The novella I'm writing (currently at 12,500 words) is troubling me a little. It's not the plot, which seems to be actually coming together (not a thing I can always count on). The characters seem real to me, which is a sign they have at least a chance of seeming real to readers. The genetic engineering behind the plot has been carefully researched. What's troubling me is a meta-concern.
My viewpoint character is a dwarf, an anchondroplastic, which is the most common type of dwarfism. To write him, I read two books on dwarfism, one the controversial In The Little World, by journalist John Richardson. The other was Little People: Learning to See The World Through My Daughter's Eyes, by Dan Kennedy. Kennedy is the average-sized father of a ten-year-old child with dwarfism. I also read a lot of articles on-line, trying to educate myself . This involved by-passing endless articles about dwarf stars, dwarf mistletoe, and Lord of the Rings. My goal was to try to see the world as it looks to a dwarf in twenty-first-century America. What I found, of course, is that it's just as ridiculous to speak of one point of view on dwarfism, held by dwarfs, as it is to ascribe one point of view to any other group. Which gave me a lot of latitude in creating Barry, my dwarf.
But here's my question: I still feel uneasy appropriating a culture not my own as a subject for fiction. Writers do this all the time, of course, and critics and readers then complain about it all the time. (Look up the controversy over Memoirs of a Geisha, written by a non-Asian man.) I don't want to step on anyone's sensibilities.
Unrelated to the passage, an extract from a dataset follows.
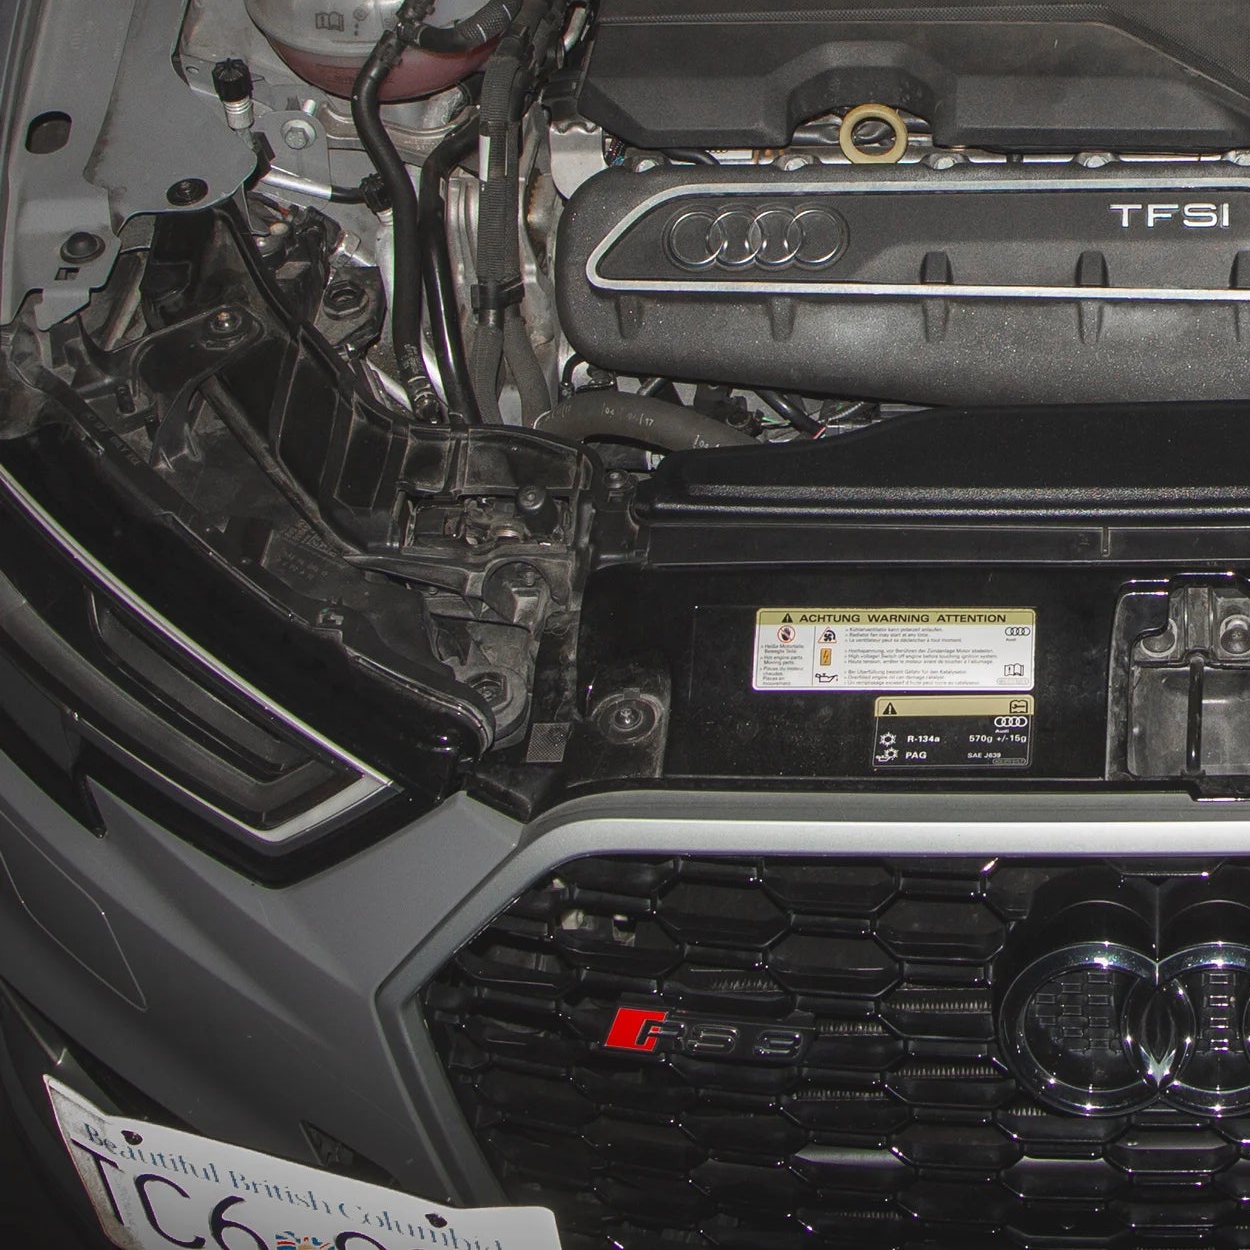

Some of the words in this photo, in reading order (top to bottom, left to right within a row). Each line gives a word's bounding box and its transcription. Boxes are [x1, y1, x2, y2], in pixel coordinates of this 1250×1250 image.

But if I stuck to my own culture -- white, female, middle-aged and middle class -- I would have a very narrow range of stories.
Nobody objected to my Rom characters in "Fountain of Age" -- or, if they did, I didn't hear about it. I hope I get the same reaction to Barry Tenler. Even more, I hope that he emerges as a living, breathing, plausible person who has, and has been partly shaped by, his dwarfism.